**The records:**
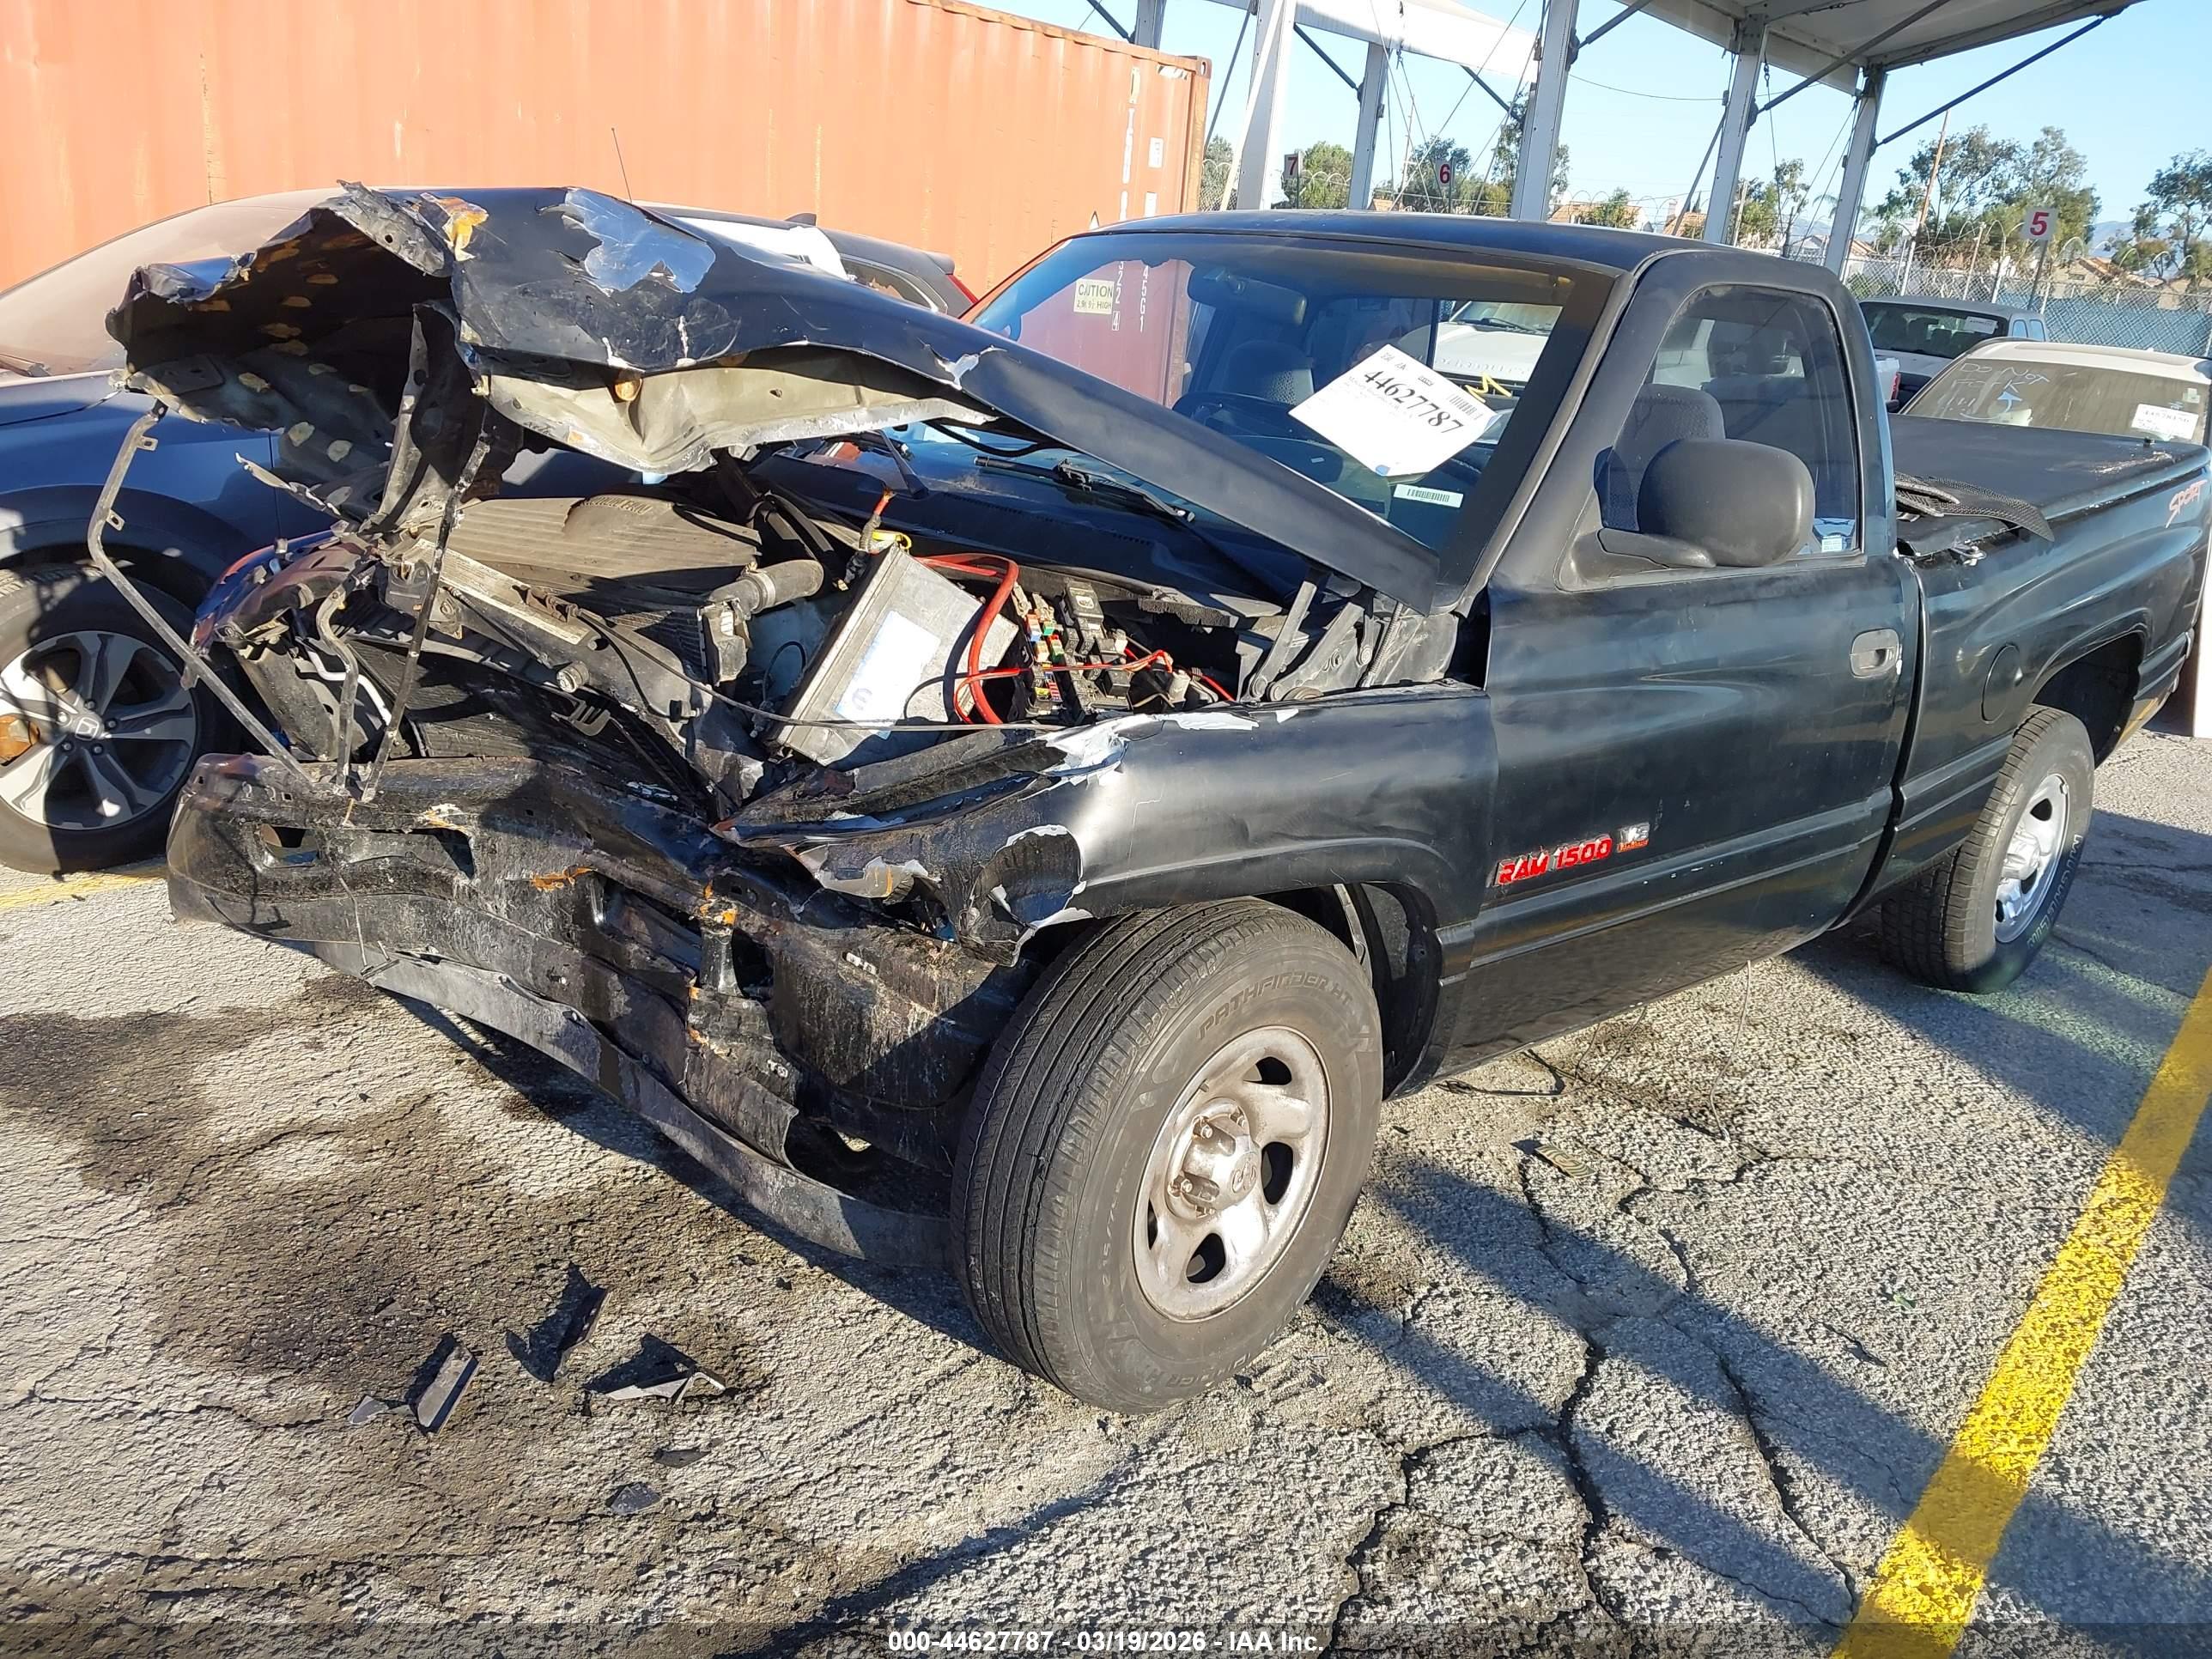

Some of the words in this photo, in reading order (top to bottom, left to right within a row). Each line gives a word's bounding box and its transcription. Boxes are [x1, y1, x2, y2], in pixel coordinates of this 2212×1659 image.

[1287, 156, 1297, 176] 7
[1439, 163, 1451, 184] 6
[2030, 211, 2051, 236] 5
[1364, 370, 1464, 434] 4462787
[1498, 852, 1550, 885] RAM
[1553, 835, 1613, 869] 1500
[1197, 970, 1329, 1039] PATHFINDER

**Work to be completed:** The answer should consist of every line above, exact and free of images.

**Answer to this exercise:**
Some of the words in this photo, in reading order (top to bottom, left to right within a row). Each line gives a word's bounding box and its transcription. Boxes are [x1, y1, x2, y2], in pixel coordinates of this 2212×1659 image.

[1287, 156, 1297, 176] 7
[1439, 163, 1451, 184] 6
[2030, 211, 2051, 236] 5
[1364, 370, 1464, 434] 4462787
[1498, 852, 1550, 885] RAM
[1553, 835, 1613, 869] 1500
[1197, 970, 1329, 1039] PATHFINDER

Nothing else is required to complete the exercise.